Victories in US Senate run-off elections in Georgia held on January 5, which handed the Democratic party control of Congress to add to the presidency, jolted investors into overhauling their portfolios in anticipation of the beefed-up fiscal stimulus promised by US president-elect Joe Biden — who detailed his $1.9tn plan on Thursday.

The effects have been far reaching: technology stocks have struggled, while the prices of commodities used in infrastructure projects, such as copper, and shares in machinery manufacturers such as John Deere and Caterpillar have advanced. Global crude oil prices reached above $55 a barrel for the first time since the pandemic rattled markets. And lower-rated US state and local debt has rallied on the promise of extra federal support.

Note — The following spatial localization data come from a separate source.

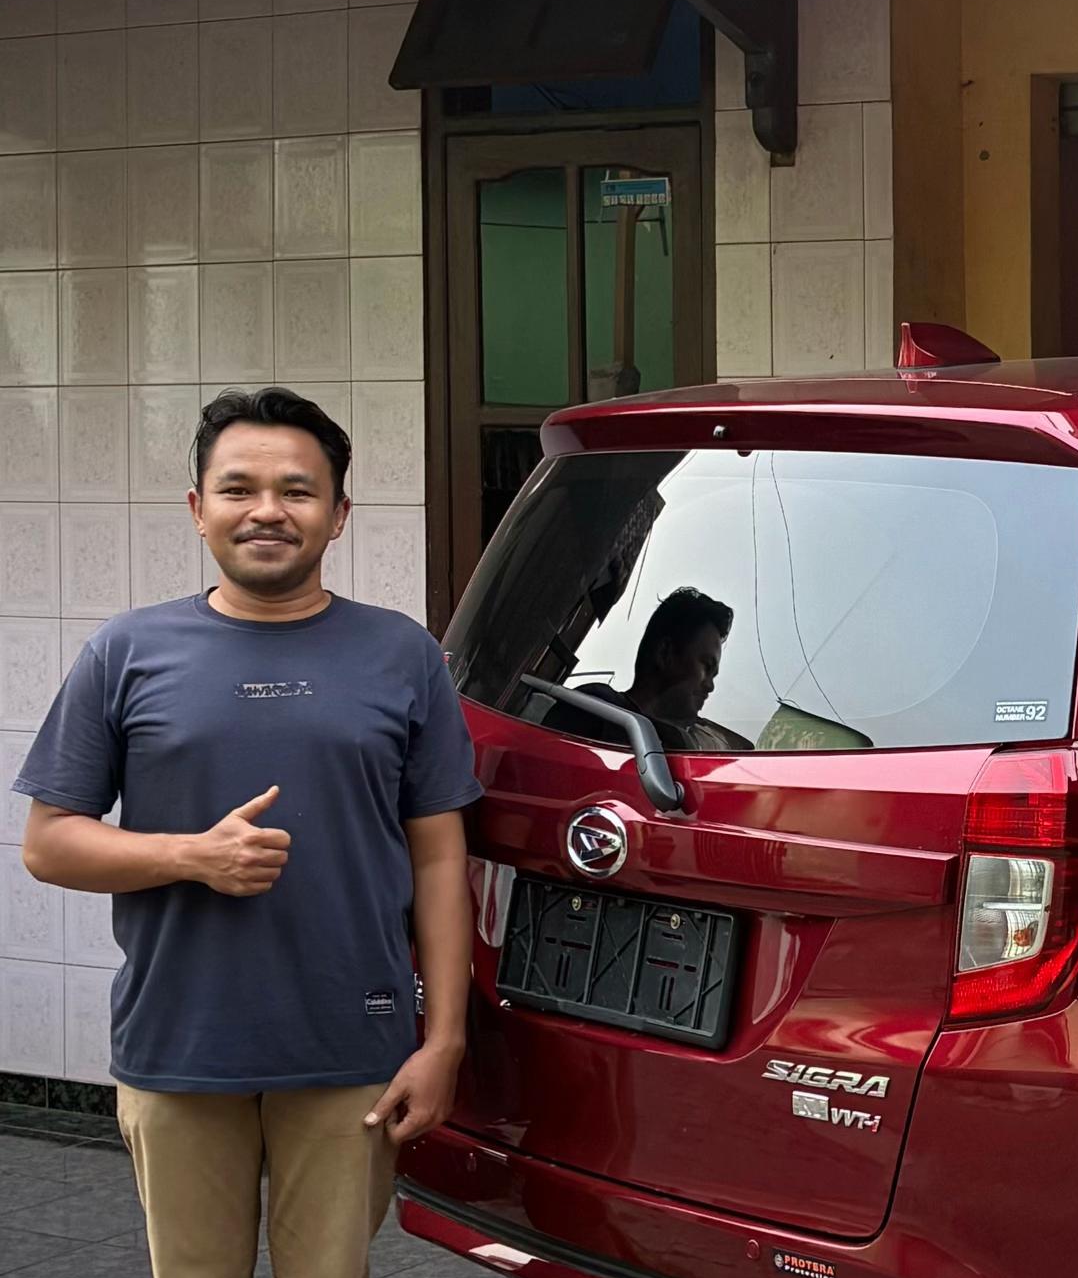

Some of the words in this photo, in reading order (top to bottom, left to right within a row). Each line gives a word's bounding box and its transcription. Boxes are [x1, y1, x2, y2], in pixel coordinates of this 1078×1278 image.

[996, 705, 1025, 714] OCTANE
[1025, 705, 1046, 721] 92
[995, 714, 1026, 722] NUMBER
[761, 1059, 890, 1098] SIGRA
[784, 1254, 835, 1276] PROTERA
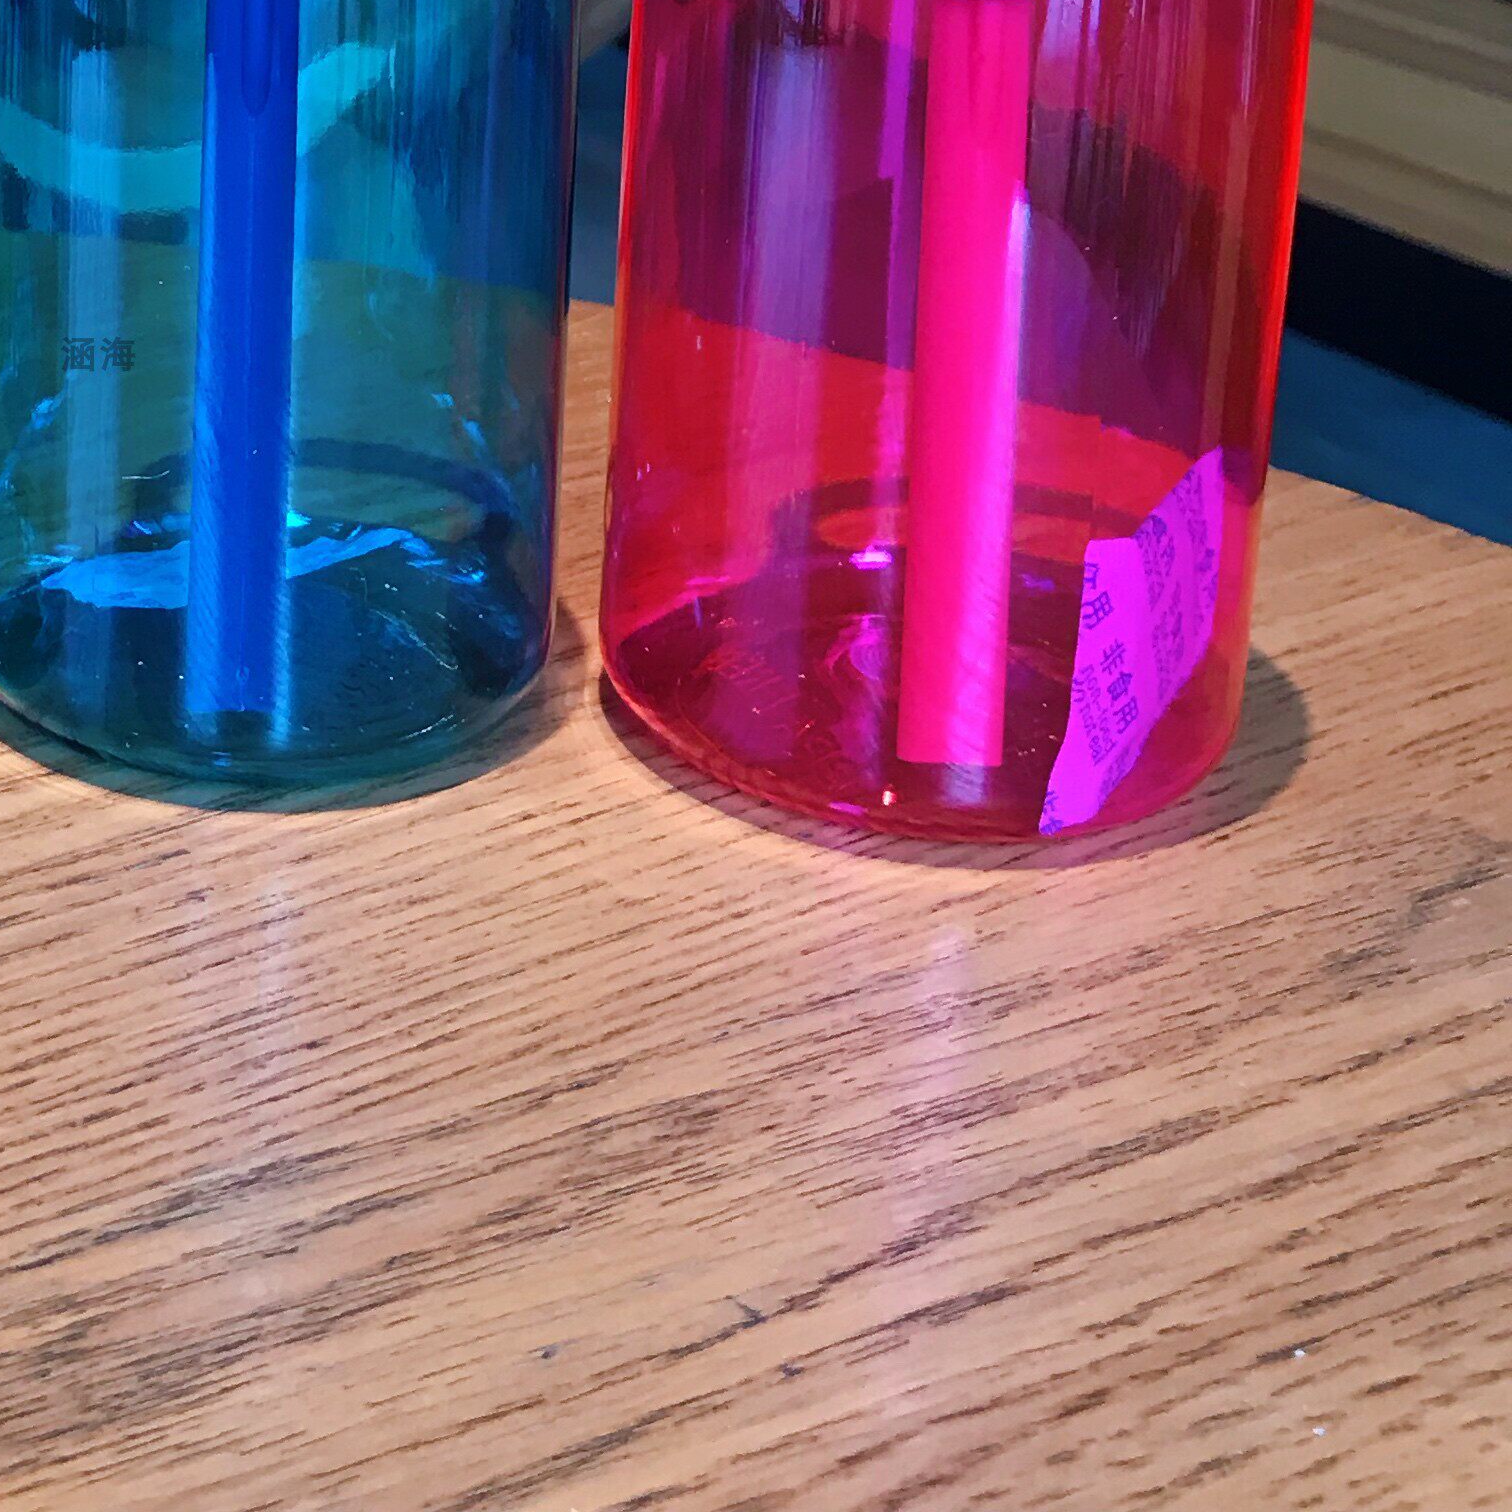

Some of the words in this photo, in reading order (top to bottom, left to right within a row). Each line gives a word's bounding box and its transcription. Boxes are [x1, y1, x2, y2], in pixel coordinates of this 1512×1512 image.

But perhaps the most important impact is in the government bond markets that form the basis for other asset prices around the world. Analysts now expect a splurge of extra debt issuance, and higher inflation, putting pressure on the Federal Reserve to wind down its bond-buying programme and potentially even increase interest rates earlier than expected. Ten-year and 30-year government bond prices have dropped since the start of the year, pushing yields to around their highest level in almost 10 months.

“A lot of assets have been built on the prospects of extremely low interest rates for the foreseeable future,” said Mike Stritch, chief investment officer at BMO Wealth Management. “In terms of financial risks, we think that is one of the big ones.”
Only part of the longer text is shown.